Scalp AVMs are abnormal AV communications localized within the subcutaneous fatty layer of the scalp. Although we use the term malformation lesions because of the multiplicity of arterial feeders, the AV connections are typically of the fistulous type, without an intervening capillary bed. These lesions have been referred to in the literature as cirsoid aneurysm, aneurysma serpentinum, aneurysma racemosum, and plexiform angioma. They are characterized by an AV shunt, the absence of an intervening capillary bed, and dilated, tortuous draining veins that often cause a cosmetic deformity and may occasionally bleed. The etiology of these lesions is still poorly understood; however, it is generally accepted that they can be either congenital or traumatic in origin. It is estimated that ~30% or more of these lesions are related to blunt, nonpenetrating trauma, with delayed occurrence of the shunt. Iatrogenic fistulae after hair transplantation have also been described in the literature. Most of the patients present with progressive scalp swelling. Rapid enlargement may occur during puberty, menstruation, and pregnancy. Large lesions may be associated with scalp necrosis and secondary malignant changes.
CT/MRI
- High-flow scalp AVMs are seen as enhancing tubular structures on post-contrast CT scan or as flow voids on T2-weighted MR sequences.
CTA/MRA
- Dilated arterial feeders and early filling of the ectatic venous pouches can be seen on CTA and MRA.

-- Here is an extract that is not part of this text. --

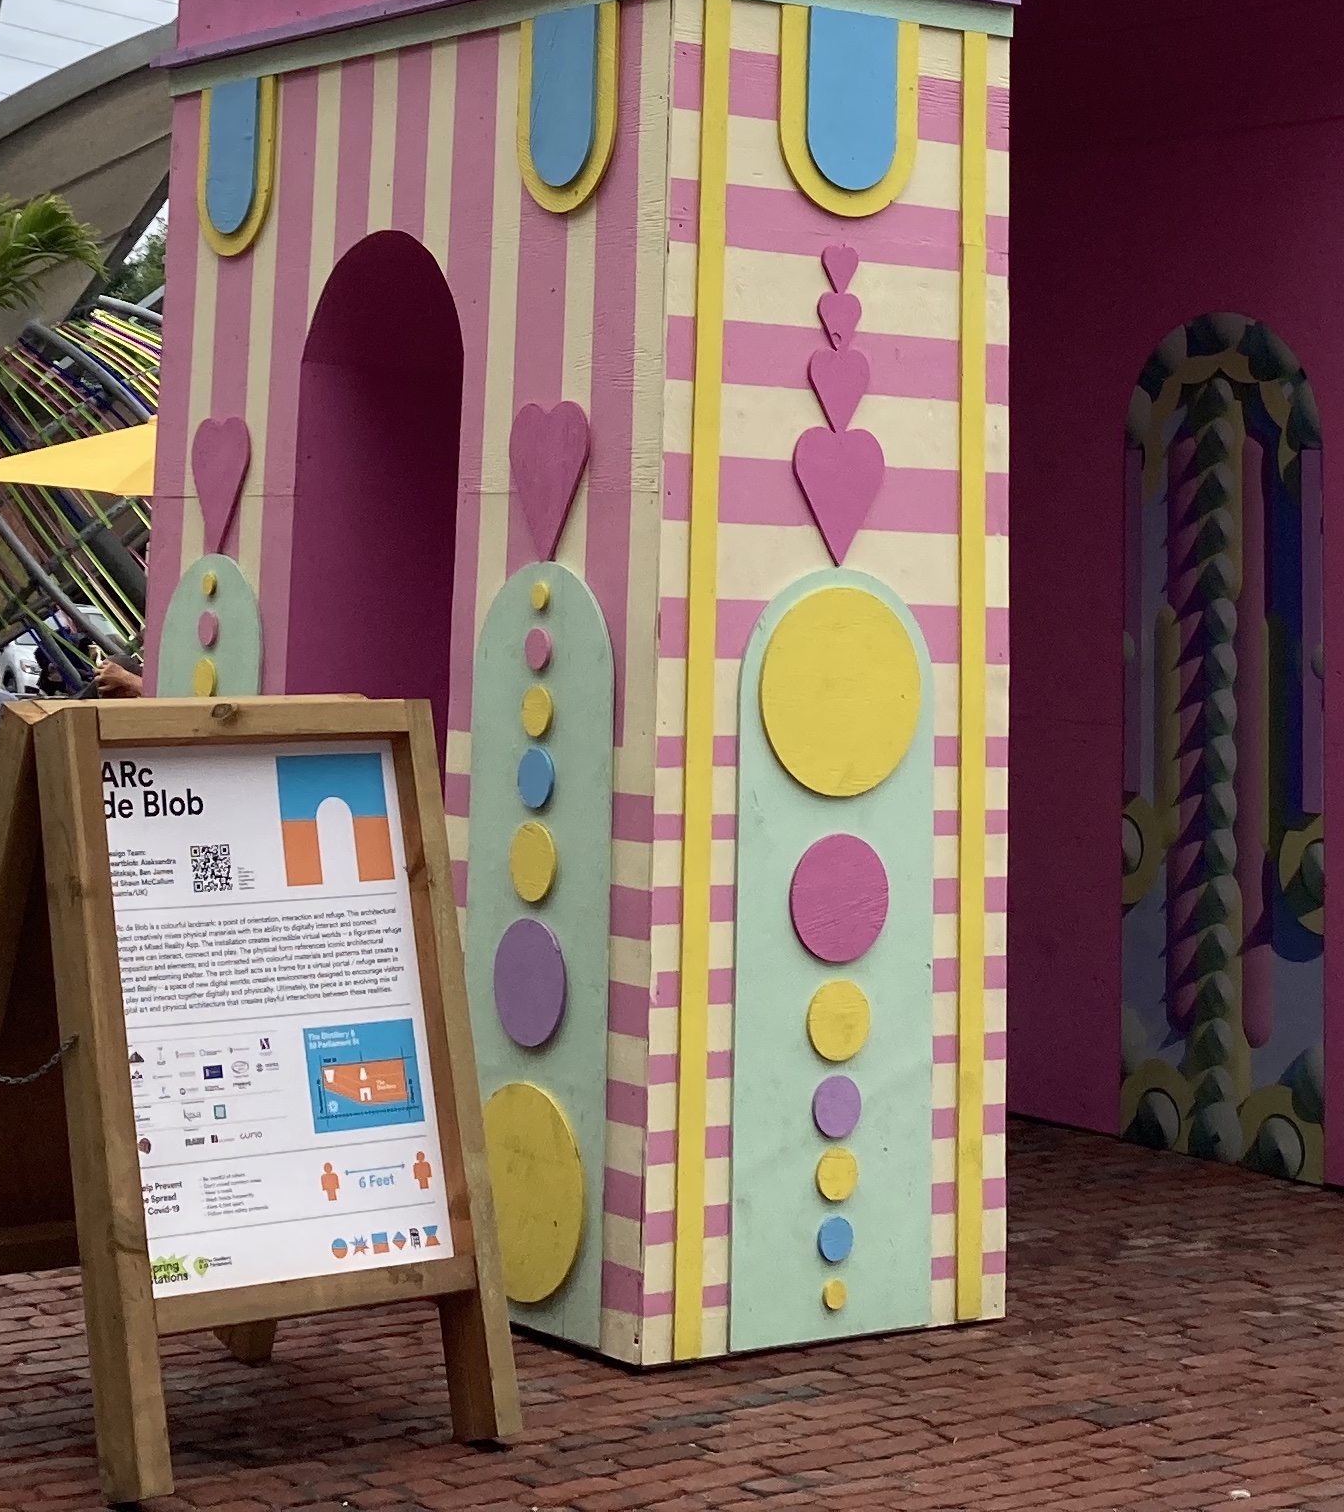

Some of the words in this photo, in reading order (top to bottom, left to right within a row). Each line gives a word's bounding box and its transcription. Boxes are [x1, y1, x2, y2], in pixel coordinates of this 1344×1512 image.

- Angiography is necessary for planning the treatment of scalp AVMs.
- The major arterial feeders are the subcutaneous arteries from the superficial temporal, occipital, and posterior auricular arteries. Occasional collaterals from the meningeal arteries may be seen, but this is unusual.
- The venous drainage pattern must be evaluated, in particular to detect intracranial connections and variations, such as a sinus pericranii.
SURGICAL TREATMENT
- Surgical resection is an excellent treatment choice for scalp AVMs and typically yields good cosmetic results. Presurgical embolization and the use of skin expanders in preparation for surgical resection of the AVM are required, especially for large lesions.
- In some cases, although the lesion has already been cured with endovascular treatment, surgical removal of the embolic material may be necessary.
- Ligation of the proximal arterial feeders is no longer performed because of the recruitment of collateral feeders, which complicates future treatment.
- Some large, high-flow AVMs involving the facial region are very difficult to manage, even with multimodality treatment, and may eventually result in a disastrous outcome.